利用“遗传协同致死”模式研究丹参微量弱效多成分的效应倍增机制

Following conducting research of multiple projects supported by the National Natural Science Foundation of China, this group has found that Danshen, which is frequently used in anticancer compounds, could inhibit tumor metastasis and tumor angiogenesis by a special mode different from western medicine (one drug with one target). Domestic scholars put forward that superposition of multicomponent concentrations and synergistic effect caused by multicomponent on multitarget, were the important mechanisms mediated Traditional Chinese Medicine (TCMs) in exerting their pharmacological effects. Our research team will use advease thinking model, and we proposed that synthetic lethality among targets may be the important reason for multiplication effect caused by combination of varieties of traces and weak-potency components. To test this hypothesis, sprouting angiogenesis was selected as the breakthrough of study point. LARS and network topology were employed to build network of tumor sprouting angiogenesis. Then both forward and reverse genetics were utilized, and we found that synchro-suppression of VEGFR-3 and PFKFB could produce the effect of synthetic lethality. On that basis, reverse-phase protein molecular docking technology and the established fluorescent tumor sprout model characterized by a three-dimensional and dynamic manner to conducting biological validation. Furthermore, the cooperative synergism effect of combination of effective components on tumor sprouting, and the effective components of Danshen in inhibition of VEGFR-3 and PFKFB3, respectively, will also be investigated. Successful completion of the proposed studies will not only provide new interpret the mechanism of action of TCM from a new angle, but also provide new thought patterns on research and development of new drug of TCM.

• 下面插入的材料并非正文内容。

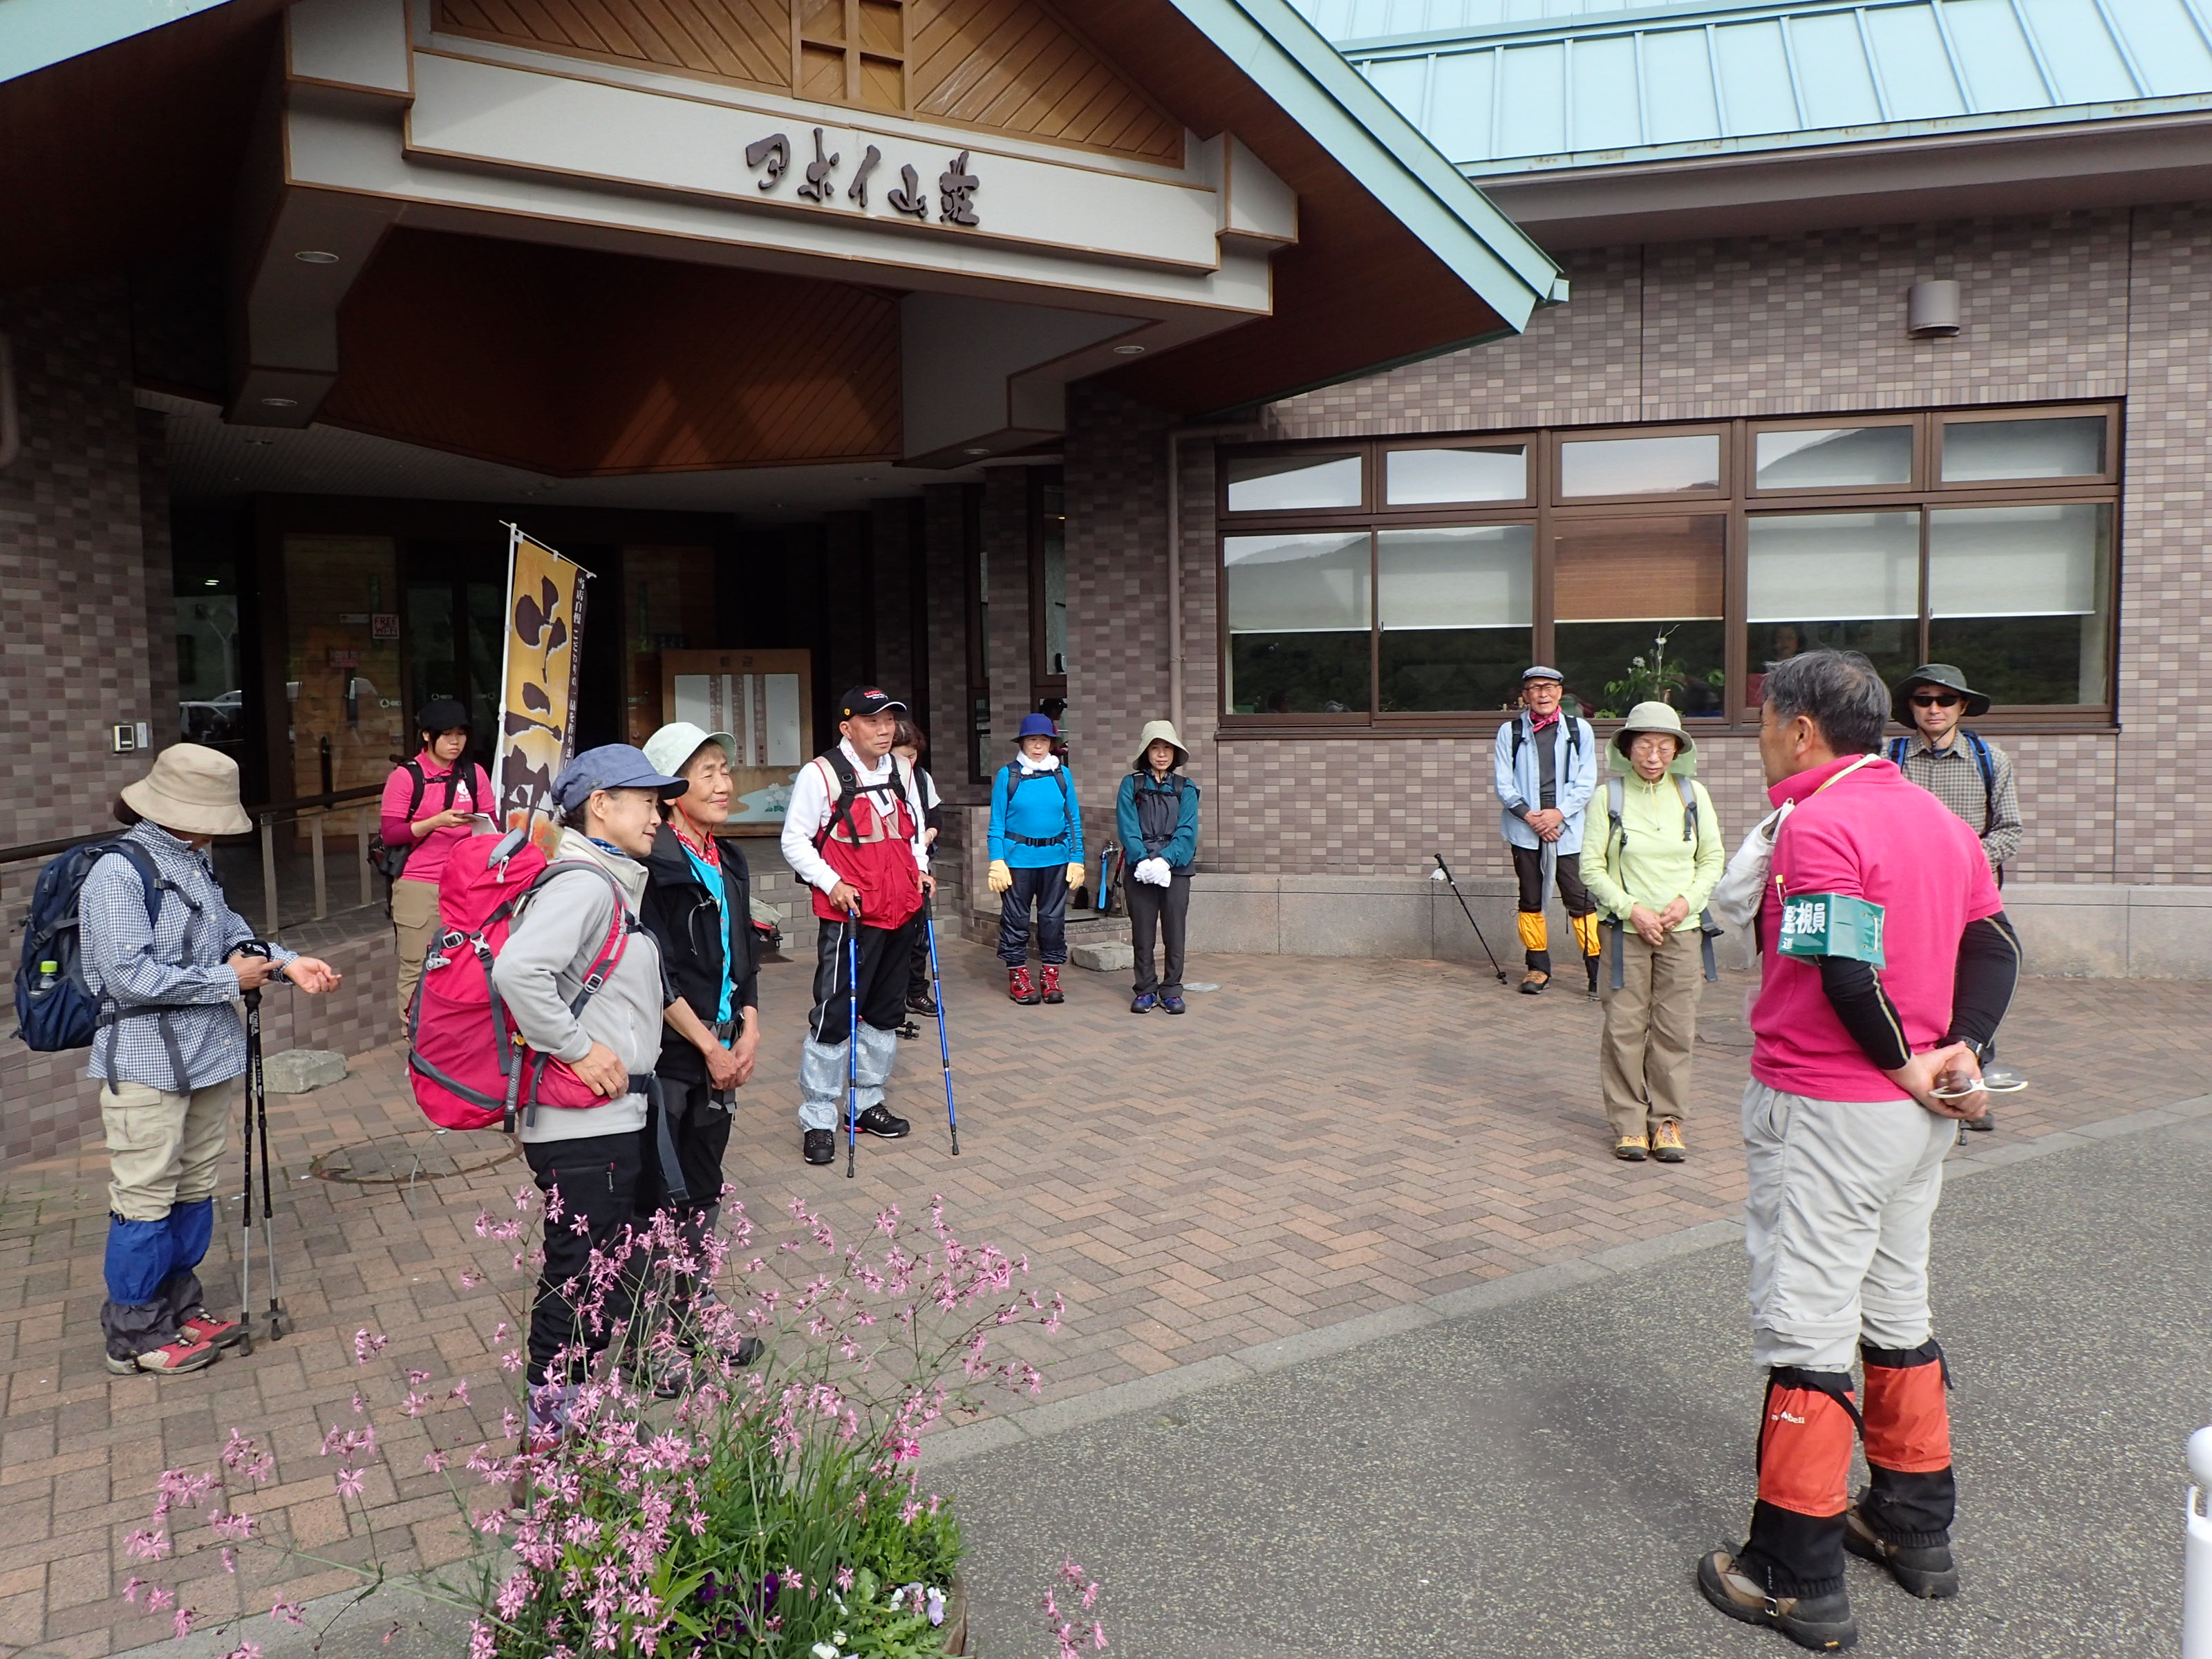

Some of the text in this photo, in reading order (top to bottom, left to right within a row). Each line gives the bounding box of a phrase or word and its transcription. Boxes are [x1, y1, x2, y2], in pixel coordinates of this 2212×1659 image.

丹参在抗癌方中应用频度很高，课题组在完成多个国家自然基金过程中，证实了丹参可以抑制肿瘤血管生成，且有别于西药一药一靶的作用模式。国内学者提出多成分浓度的叠加及多成分对多靶点的效应协同是中药发挥作用的重要机制。课题组以逆向思维的模式，提出靶标和靶标之间的“遗传协同致死效应”可能是丹参中多种微量、弱效成分组合效应倍增显效的重要原因，为了验证此假说，以肿瘤血管芽生作为研究切入点，结合网络拓扑学和LARS算法构建肿瘤血管芽生网络，利用正/反向遗传学手段，发现同步抑制VEGFR-3和PFKFB3对肿瘤血管芽生具有“协同致死”效应。在此基础上，拟利用反向蛋白分子对接技术结合已建立的三维、可视、动态肿瘤血管芽生模型进行实验验证，研究丹参中分别抑制VEGFR-3和PFKFB3的有效成分，及有效成分组合对抑制肿瘤血管芽生的“协同倍增”效应，从新的角度诠释中药作用机制，也为中药新药研发提供一种全新的思维模式。

丹参在抗癌方中应用频度很高，本研究首先确证了丹参对肿瘤血行转移的抑制作用，且有别于西药一药一靶的作用模式。进一步以肿瘤血管芽生为切入点，以逆向思维的模式，从靶标和靶标之间的“遗传协同致死效应”为策略，结合网络拓扑学和LARS算法构建肿瘤血管芽生网络，筛选出调控血管芽生关键靶标代表性有效成分——隐丹参酮，丹参酮IIA以及丹酚酸B，利用三维、动态、荧光肿瘤血管芽生模型对代表性成分进行了协同机制研究，并进一步基于整体血行转移模型进行了有效成分抑制肿瘤血管生成的贡献性评价。此外，在我们的研究过程中，进一步发现了丹参酮IIA和丹酚酸B进一步促进了肿瘤血管的正常化，重塑了肿瘤内血管的功能，提高化疗药物在肿瘤组织内部的递送。本课题进一步揭示了丹参抑制肿瘤血行转移的科学内涵。